▶ _Your assignment_: Leaving the pictures aside, write out the whole listing below exactly.

══ Dataset records ══

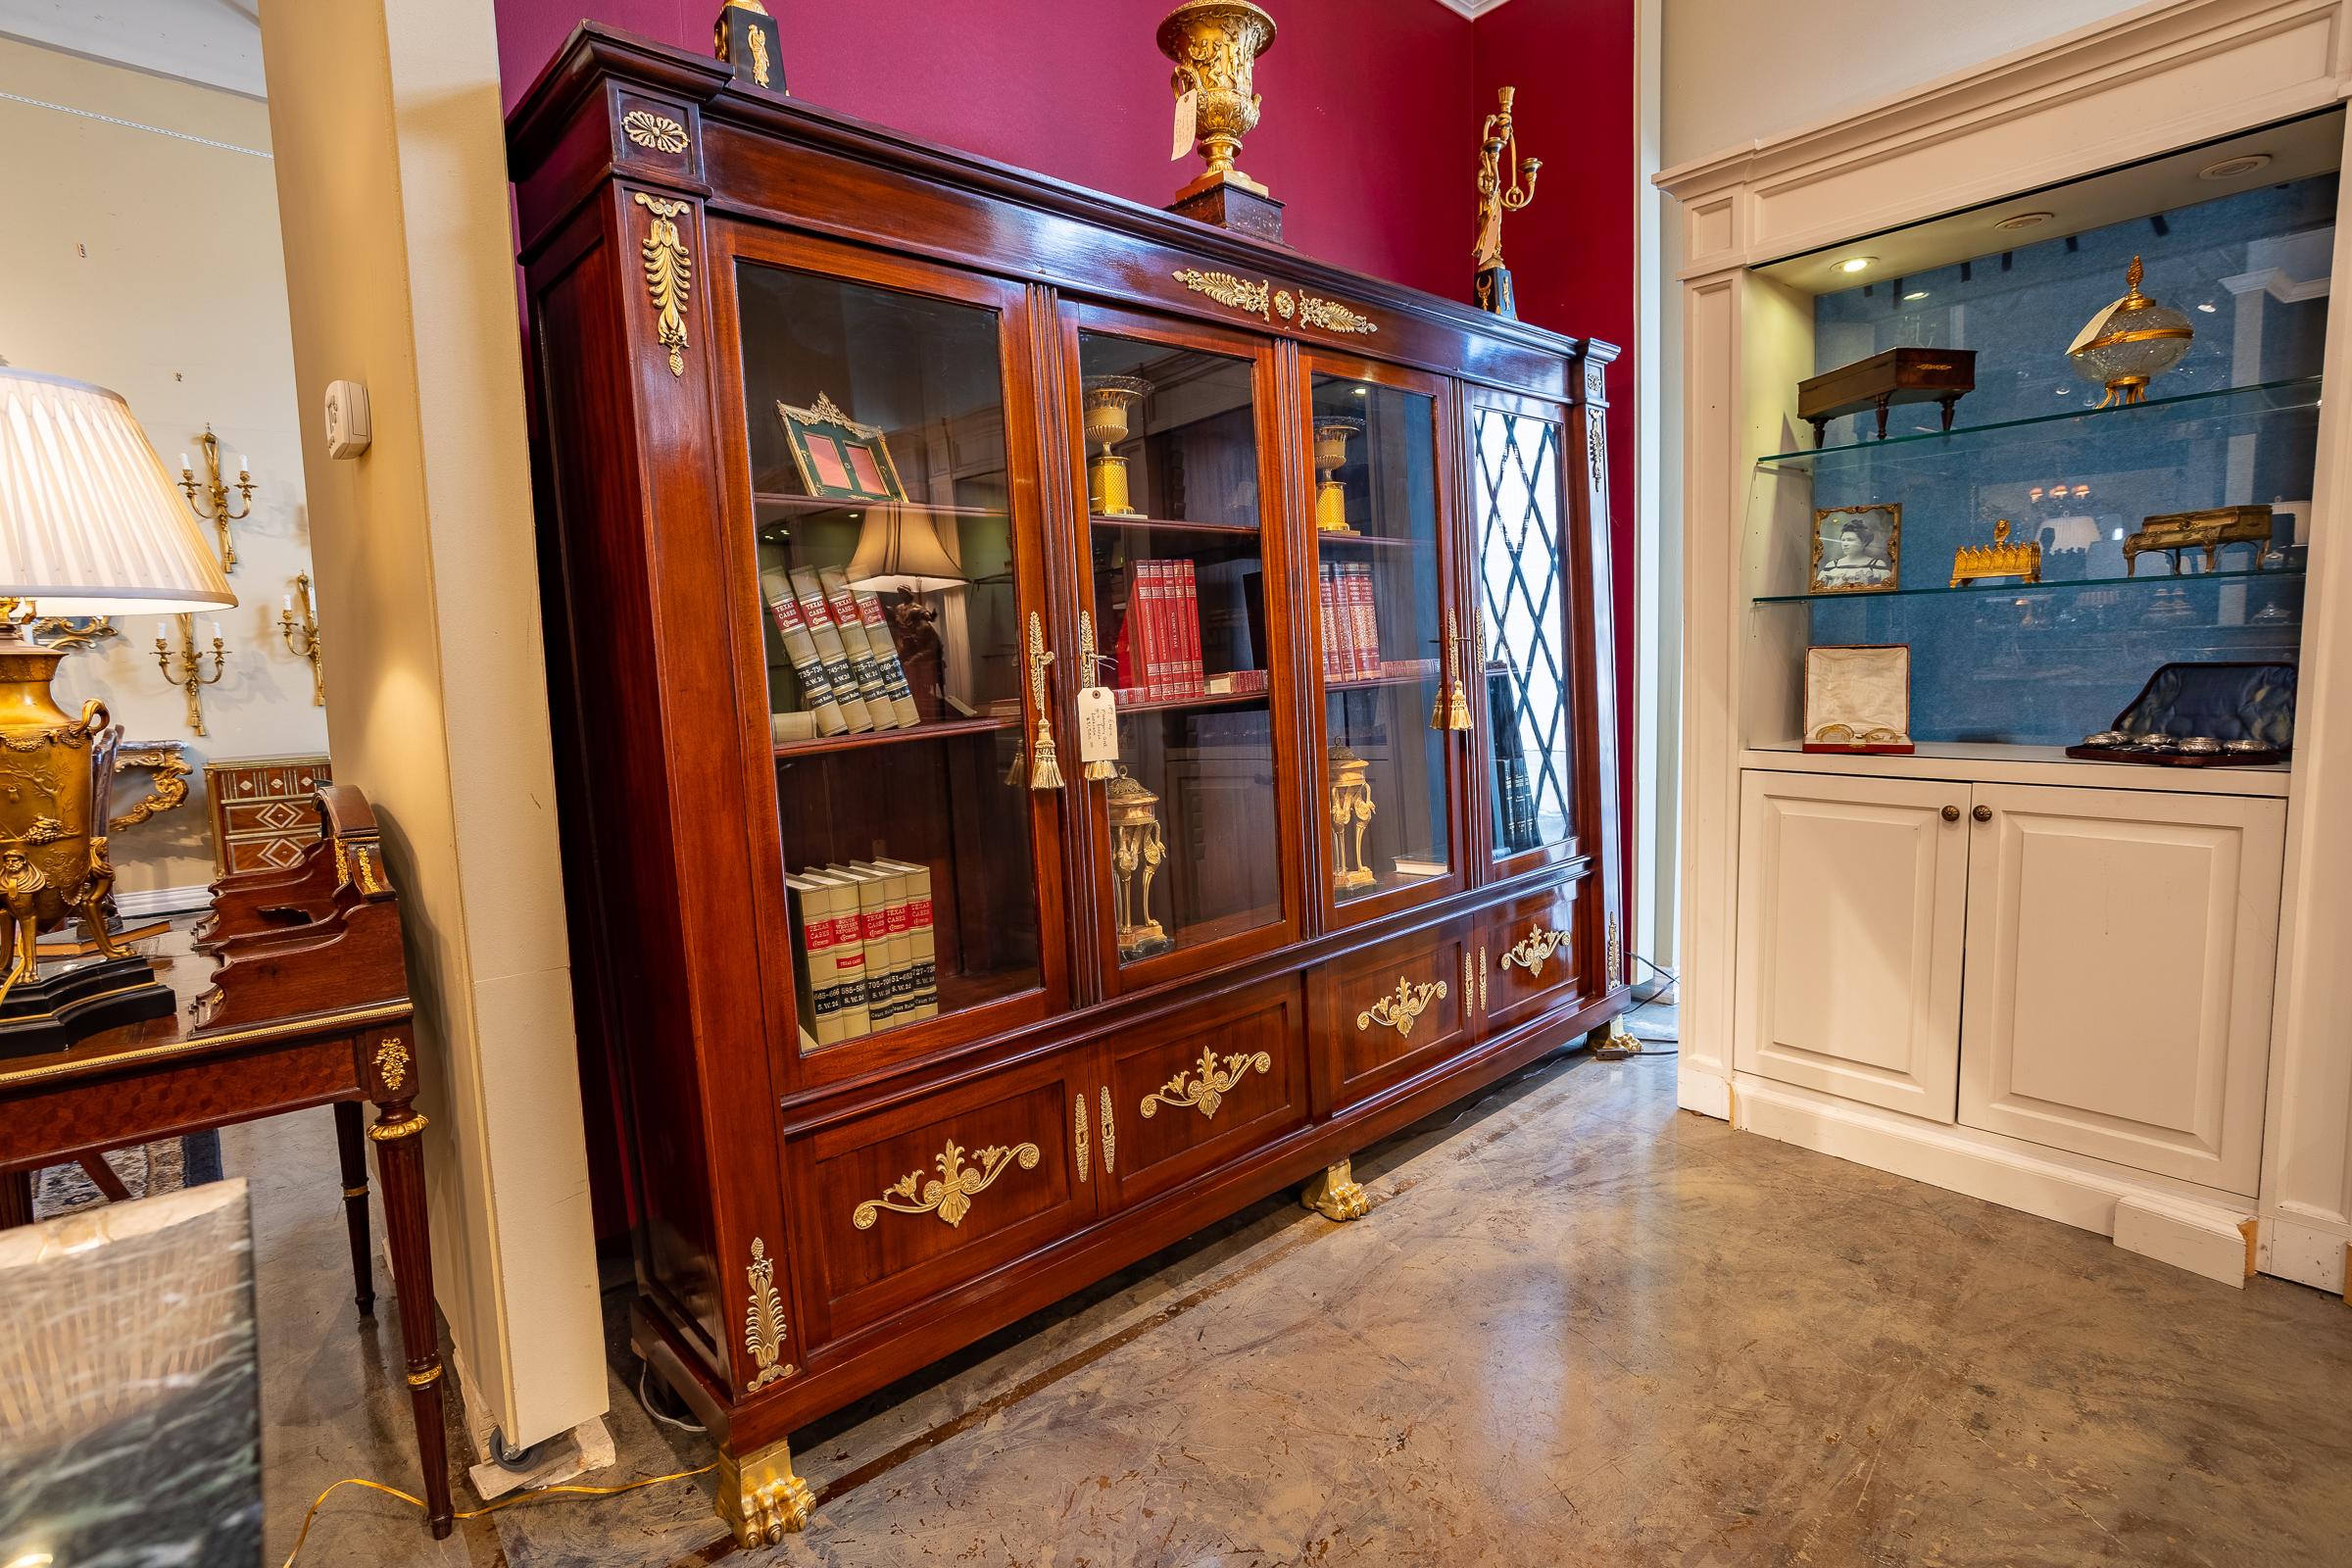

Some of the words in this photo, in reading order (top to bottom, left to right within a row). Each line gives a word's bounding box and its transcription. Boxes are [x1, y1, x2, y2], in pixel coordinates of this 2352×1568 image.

[776, 602, 794, 612] TEXAS
[806, 600, 823, 610] TEXAS
[779, 610, 796, 619] CASES
[809, 608, 825, 616] CASES
[887, 907, 906, 916] TEXAS
[810, 930, 830, 940] CASES

═══

▶ _Answer to this exercise_:
Some of the words in this photo, in reading order (top to bottom, left to right within a row). Each line gives a word's bounding box and its transcription. Boxes are [x1, y1, x2, y2], in pixel coordinates of this 2352×1568 image.

[776, 602, 794, 612] TEXAS
[806, 600, 823, 610] TEXAS
[779, 610, 796, 619] CASES
[809, 608, 825, 616] CASES
[887, 907, 906, 916] TEXAS
[810, 930, 830, 940] CASES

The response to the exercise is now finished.